Pictures are to be omitted; everything else in the data must be transcribed exactly.

Source data:
┄┄┄┄┄┄┄┄┄┄
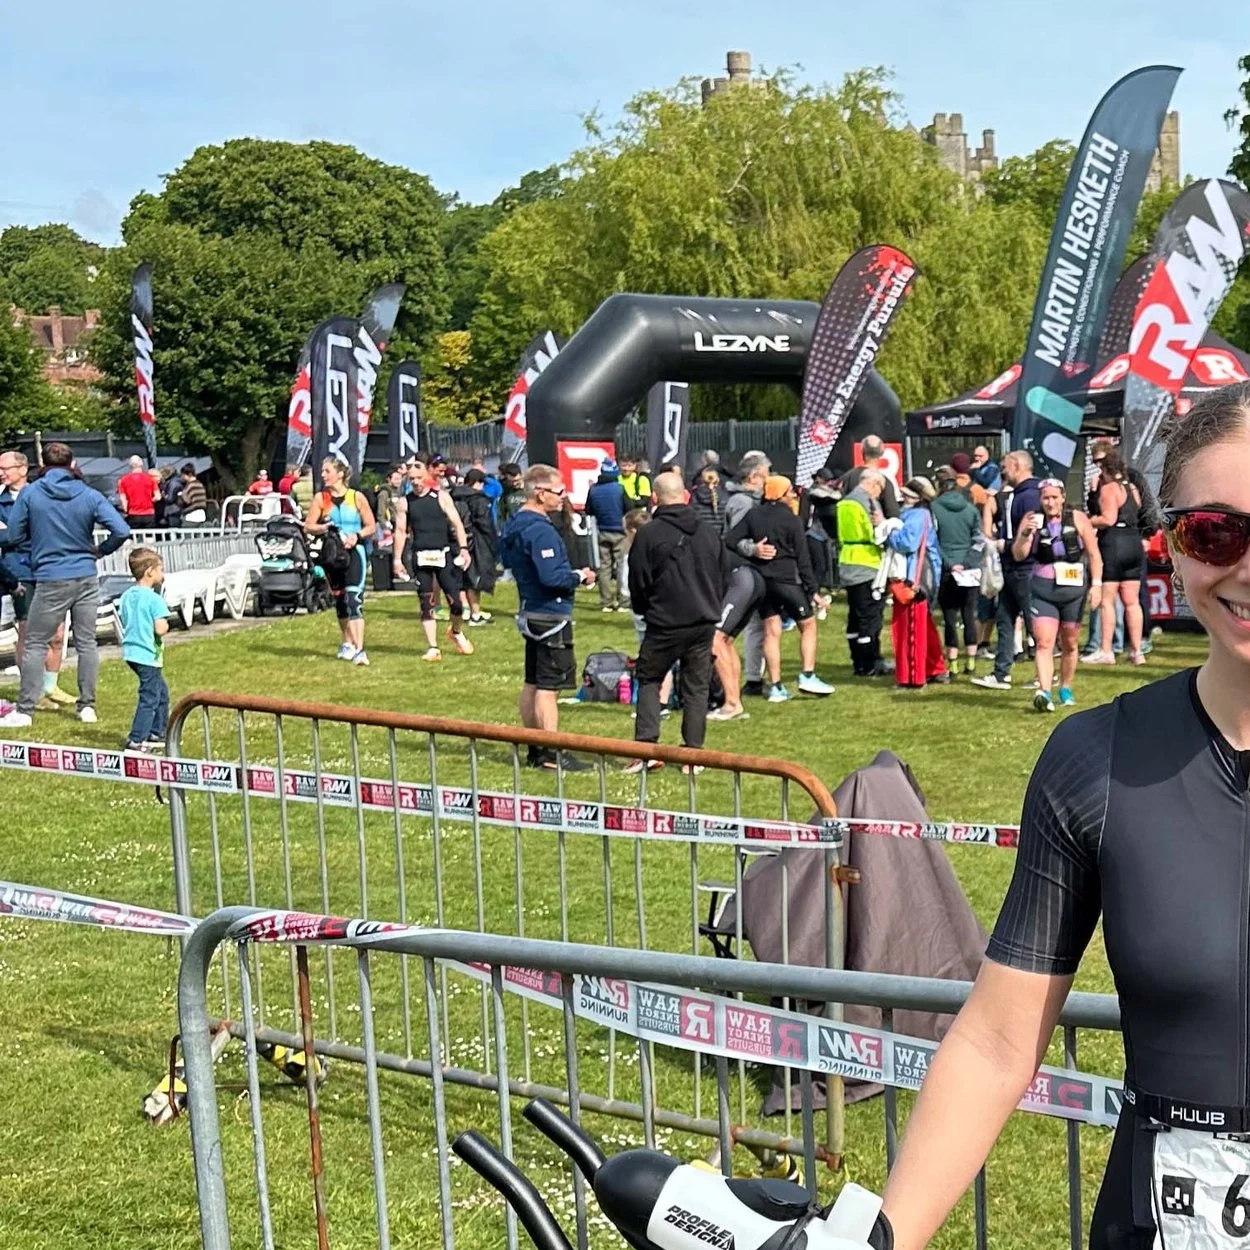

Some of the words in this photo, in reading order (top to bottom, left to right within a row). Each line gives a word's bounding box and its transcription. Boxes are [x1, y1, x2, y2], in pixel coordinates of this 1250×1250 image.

[1076, 258, 1099, 322] CONDITIONING
[1094, 182, 1120, 250] PERFORMANCE
[1114, 149, 1130, 183] COACH
[1034, 258, 1084, 367] MARTIN
[1061, 132, 1119, 260] HESKETH
[694, 331, 791, 352] LEZYNE
[839, 334, 883, 402] Energy
[177, 763, 197, 774] RAW
[203, 766, 231, 780] RAW
[253, 771, 274, 782] RAW
[323, 778, 350, 793] RAW
[443, 792, 471, 806] RAW
[539, 802, 560, 814] RAW
[568, 804, 597, 819] RAW
[623, 810, 647, 821] RAW
[704, 830, 740, 839] RUNNING
[953, 826, 989, 841] RAW
[1171, 1106, 1225, 1125] HUUB
[668, 1204, 731, 1238] PROFILE
[664, 1214, 728, 1250] DESIGN
┄┄┄┄┄┄┄┄┄┄
Exercise output:
Some of the words in this photo, in reading order (top to bottom, left to right within a row). Each line gives a word's bounding box and its transcription. Boxes are [x1, y1, x2, y2], in pixel coordinates of this 1250×1250 image.

[1076, 258, 1099, 322] CONDITIONING
[1094, 182, 1120, 250] PERFORMANCE
[1114, 149, 1130, 183] COACH
[1034, 258, 1084, 367] MARTIN
[1061, 132, 1119, 260] HESKETH
[694, 331, 791, 352] LEZYNE
[839, 334, 883, 402] Energy
[177, 763, 197, 774] RAW
[203, 766, 231, 780] RAW
[253, 771, 274, 782] RAW
[323, 778, 350, 793] RAW
[443, 792, 471, 806] RAW
[539, 802, 560, 814] RAW
[568, 804, 597, 819] RAW
[623, 810, 647, 821] RAW
[704, 830, 740, 839] RUNNING
[953, 826, 989, 841] RAW
[1171, 1106, 1225, 1125] HUUB
[668, 1204, 731, 1238] PROFILE
[664, 1214, 728, 1250] DESIGN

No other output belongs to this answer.